Starting with the first line and ending with the last, transcribe the data exactly.

(Collected data entries)
• • • • • • •

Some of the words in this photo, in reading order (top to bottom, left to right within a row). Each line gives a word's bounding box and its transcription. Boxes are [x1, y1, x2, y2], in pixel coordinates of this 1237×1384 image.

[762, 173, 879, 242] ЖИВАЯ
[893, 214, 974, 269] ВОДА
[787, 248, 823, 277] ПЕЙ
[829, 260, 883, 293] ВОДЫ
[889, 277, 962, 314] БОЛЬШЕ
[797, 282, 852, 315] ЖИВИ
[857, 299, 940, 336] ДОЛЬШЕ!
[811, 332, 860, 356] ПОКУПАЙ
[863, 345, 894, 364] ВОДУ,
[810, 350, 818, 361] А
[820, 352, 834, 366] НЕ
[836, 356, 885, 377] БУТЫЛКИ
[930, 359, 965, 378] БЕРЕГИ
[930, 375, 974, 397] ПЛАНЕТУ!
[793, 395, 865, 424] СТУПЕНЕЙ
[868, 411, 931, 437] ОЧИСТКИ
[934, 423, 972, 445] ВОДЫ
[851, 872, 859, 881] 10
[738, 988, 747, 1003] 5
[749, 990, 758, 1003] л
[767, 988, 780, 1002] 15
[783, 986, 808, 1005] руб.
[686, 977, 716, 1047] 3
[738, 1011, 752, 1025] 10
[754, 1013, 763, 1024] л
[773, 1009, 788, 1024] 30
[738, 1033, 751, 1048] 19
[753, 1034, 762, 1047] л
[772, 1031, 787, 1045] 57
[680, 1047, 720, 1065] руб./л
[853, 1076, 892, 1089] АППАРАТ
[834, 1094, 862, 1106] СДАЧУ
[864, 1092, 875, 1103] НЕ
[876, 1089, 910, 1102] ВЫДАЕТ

• • • • • • •

> _Answer box_
Some of the words in this photo, in reading order (top to bottom, left to right within a row). Each line gives a word's bounding box and its transcription. Boxes are [x1, y1, x2, y2], in pixel coordinates of this 1237×1384 image.

[762, 173, 879, 242] ЖИВАЯ
[893, 214, 974, 269] ВОДА
[787, 248, 823, 277] ПЕЙ
[829, 260, 883, 293] ВОДЫ
[889, 277, 962, 314] БОЛЬШЕ
[797, 282, 852, 315] ЖИВИ
[857, 299, 940, 336] ДОЛЬШЕ!
[811, 332, 860, 356] ПОКУПАЙ
[863, 345, 894, 364] ВОДУ,
[810, 350, 818, 361] А
[820, 352, 834, 366] НЕ
[836, 356, 885, 377] БУТЫЛКИ
[930, 359, 965, 378] БЕРЕГИ
[930, 375, 974, 397] ПЛАНЕТУ!
[793, 395, 865, 424] СТУПЕНЕЙ
[868, 411, 931, 437] ОЧИСТКИ
[934, 423, 972, 445] ВОДЫ
[851, 872, 859, 881] 10
[738, 988, 747, 1003] 5
[749, 990, 758, 1003] л
[767, 988, 780, 1002] 15
[783, 986, 808, 1005] руб.
[686, 977, 716, 1047] 3
[738, 1011, 752, 1025] 10
[754, 1013, 763, 1024] л
[773, 1009, 788, 1024] 30
[738, 1033, 751, 1048] 19
[753, 1034, 762, 1047] л
[772, 1031, 787, 1045] 57
[680, 1047, 720, 1065] руб./л
[853, 1076, 892, 1089] АППАРАТ
[834, 1094, 862, 1106] СДАЧУ
[864, 1092, 875, 1103] НЕ
[876, 1089, 910, 1102] ВЫДАЕТ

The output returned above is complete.